▼
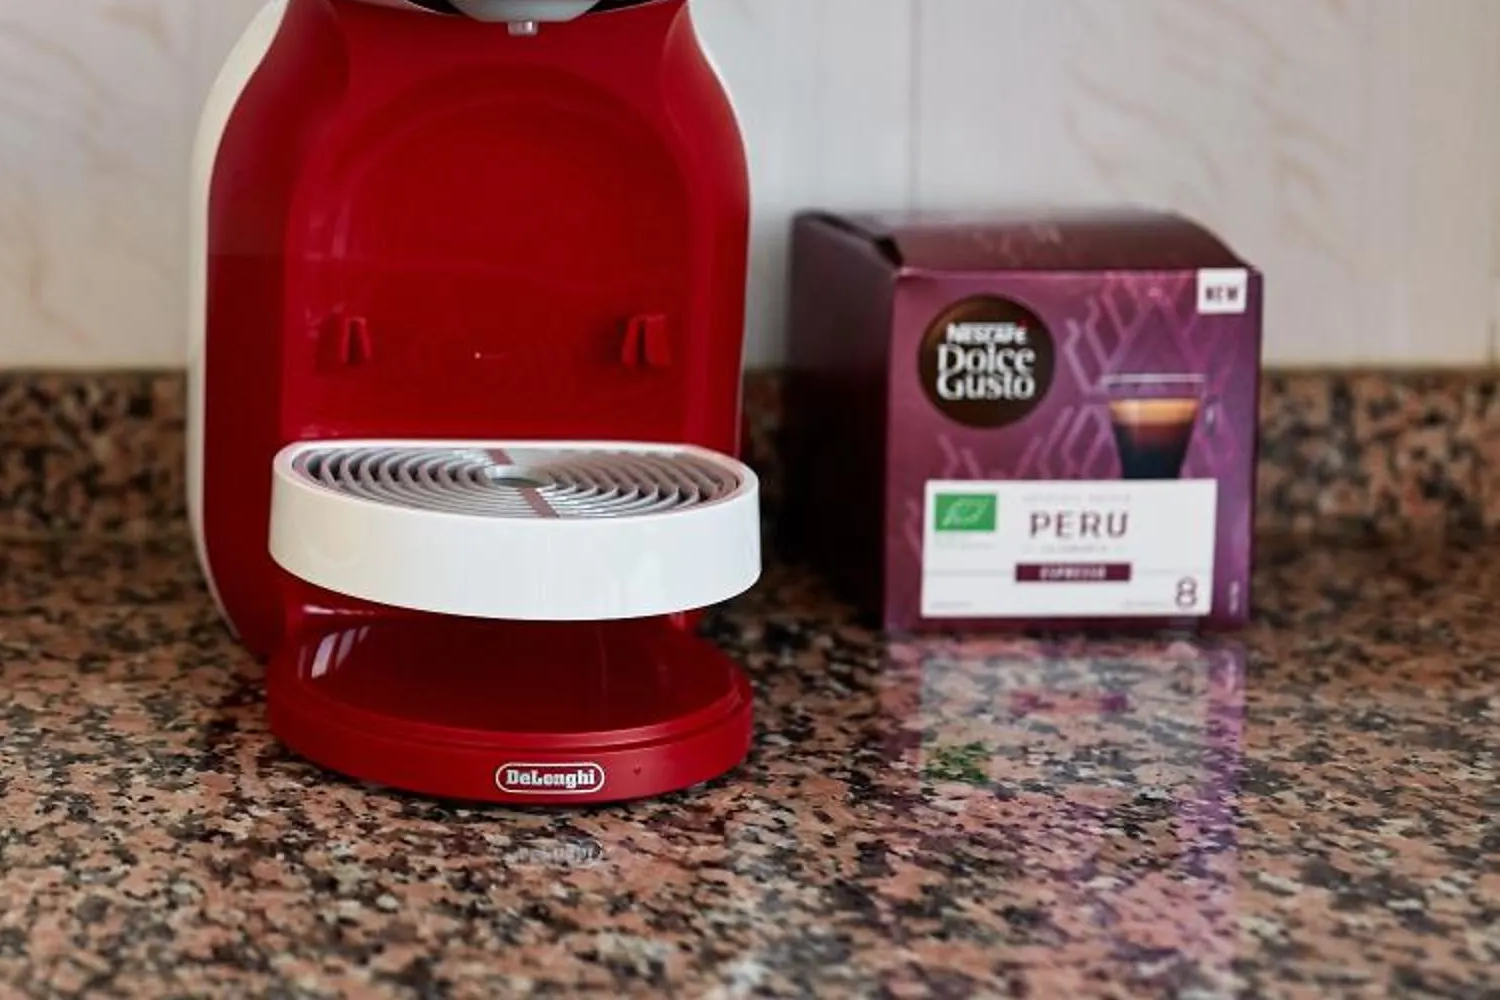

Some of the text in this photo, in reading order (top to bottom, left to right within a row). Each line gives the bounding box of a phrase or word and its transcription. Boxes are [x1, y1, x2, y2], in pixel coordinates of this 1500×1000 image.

[1205, 286, 1239, 302] NEW
[937, 343, 1036, 374] Dolce
[936, 370, 1036, 400] Gusto
[1029, 510, 1128, 539] PERU
[1174, 577, 1198, 608] 8
[505, 768, 596, 789] DeLonghi
▲
» **Work order**
Pictures omitted, give the entries again exactly.

» **Written response**
Some of the text in this photo, in reading order (top to bottom, left to right within a row). Each line gives the bounding box of a phrase or word and its transcription. Boxes are [x1, y1, x2, y2], in pixel coordinates of this 1500×1000 image.

[1205, 286, 1239, 302] NEW
[937, 343, 1036, 374] Dolce
[936, 370, 1036, 400] Gusto
[1029, 510, 1128, 539] PERU
[1174, 577, 1198, 608] 8
[505, 768, 596, 789] DeLonghi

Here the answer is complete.